To be sure, this vision was a fleeting vision, like all glimpses of God’s reign in our fallen world. This meal organized by the church in Hama for refugees from across Syria did not end the war: the powers of sin and death continue to tear the country apart. Yet in organizing the meal, the church gave an embodied witness to what Syria might yet one day be, and to the coming future in which all will stand in fellowship before God in our shared need.

Similarly, MCC service in the name of Christ, with its buzz of volunteer energies and almost unending succession of new initiatives, also does not decisively end hunger, eradicate poverty or bring warfare to an end. Yet, through MCC’s relief, development and peacebuilding initiatives, MCC volunteers and workers have acted and continue to act as ambassadors of Christ, pointing beyond themselves to the reconciliation of all to God.

I conclude with a prayer for MCC’s second century: as we go out in service, our hands busy canning meat, piecing and knotting comforters, packing school kits and relief buckets, may God also empty our hands, revealing to us our need, and opening our eyes to the coming communion God’s reconciling work has already brought about, both close to home and around the world. Amen

 

NOTES

[1] Robert Kreider and Rachel Waltner Goossen. Hungry, Thirsty, a Stranger: The MCC Experience. (Scottdale, Pa.: Herald Press, 1988)

[2] For a fuller discussion of MCC as an incubator of initiatives that have gone on to become independent organizations, see Paul Heidebrecht, “MCC as Incubator of New Approaches in Relief, Development, and Peacebuilding,” Intersections: MCC Theory and Practice Quarterly 8/2, Spring 2020, pp. 24-25.

[3] “1957 MCC Relief Study Committee,” report of the Eastern Mennonite Board of Missions and Charities in Salunga, Pa. Docuware/Binational (BN) Minutes & Meeting Packets 1920 to 2012, Mennonite Central Committee Executive Committee Meeting Minutes, #248, 14 Sept. 1957, Exhibit 17, p. 84. Available at the MCC archives in Akron, Pa.
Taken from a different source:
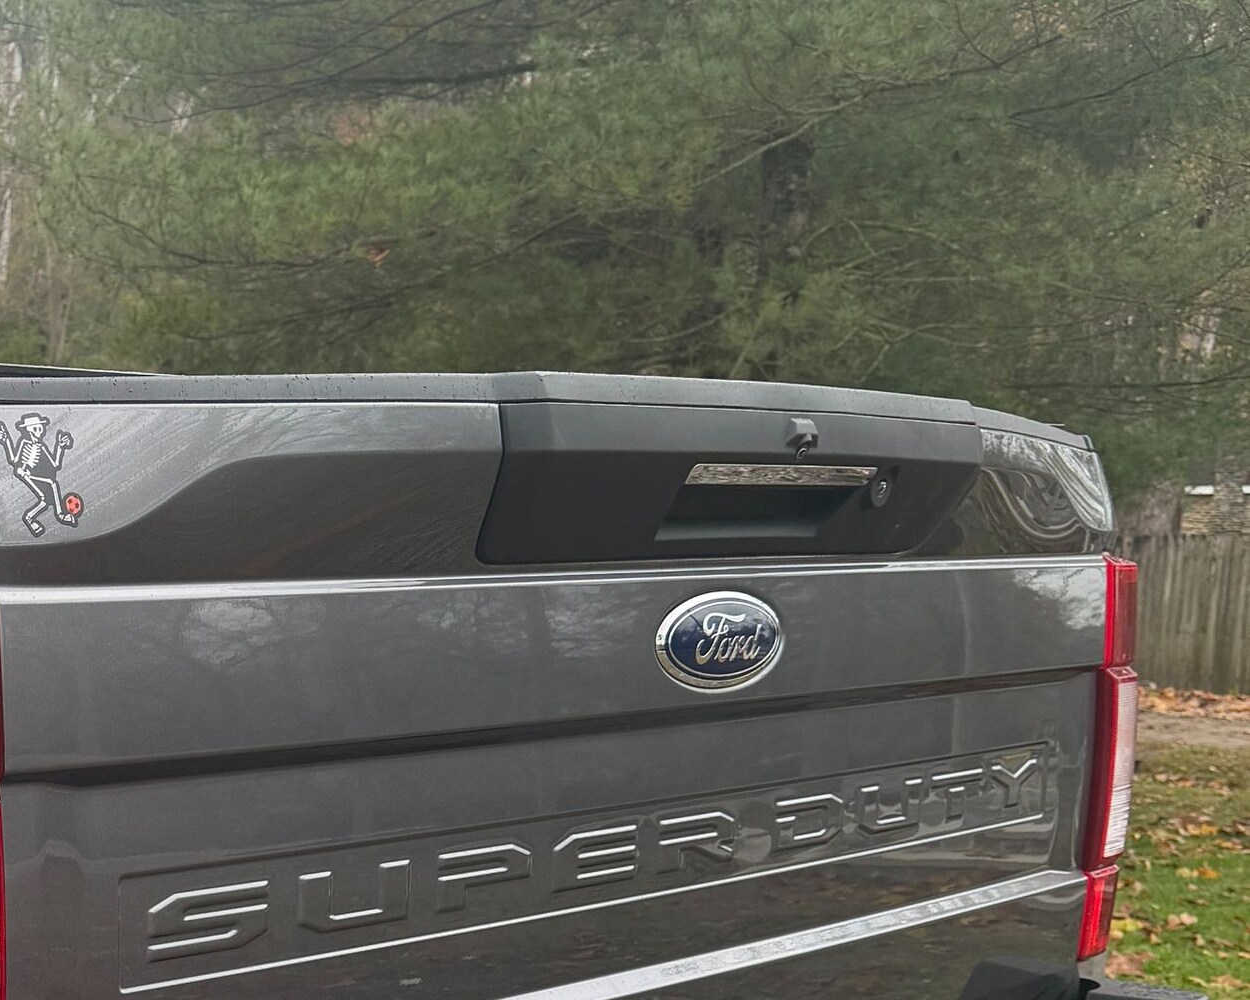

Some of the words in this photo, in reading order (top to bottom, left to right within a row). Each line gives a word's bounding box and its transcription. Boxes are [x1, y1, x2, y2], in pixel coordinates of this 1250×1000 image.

[695, 612, 761, 666] Ford
[146, 808, 740, 962] SUPER
[773, 752, 1039, 853] DUTY
[4] Minutes of the Study Meeting on the Relationship of MCC Relief and Service Programs and Mennonite Missions, held at Mennonite Home Mission, Chicago, 24 Jan. 1958. Docuware/Binational (BN) Minutes & Meeting Packets 1920 to 2012. Available at the MCC archives in Akron, Pa.

[5] Peter J. Dyck. “Proposed New Patterns of Cooperation,” report, Jan. 1961. Quoted in Cornelius J. Dyck, ed., Responding to Worldwide Needs: In Europe, the Middle East, Africa, Asia . . . The Mennonite Central Committee Story. Volume 2: Documents (Scottdale, Pa.: Herald Press, 1980), p. 51.

[6] Peter J. Dyck. “A Theology of Service.” Mennonite Quarterly Review 44/3, July 1970, pp. 262-80.

[7] Susan Classen. A Spirituality of Service: Freely Give, Freely Receive. MCC Occasional Paper No. 29, Akron, Pa., Jan. 2003), p 4, p. 7.

[8] Liisa Malkki. The Need to Help: The Domestic Arts of International Humanitarianism (Durham, N.C.: Duke University Press, 2015), p. 164.

[9] For a longer reflection on the witness of the Syrian church amidst the country’s civil war, see Alain Epp Weaver, “The Mother of the Belt and the Church’s Witness in Syria: An Ascension Sermon,” Anabaptist Witness 6/1, April 2019, pp. 15-24.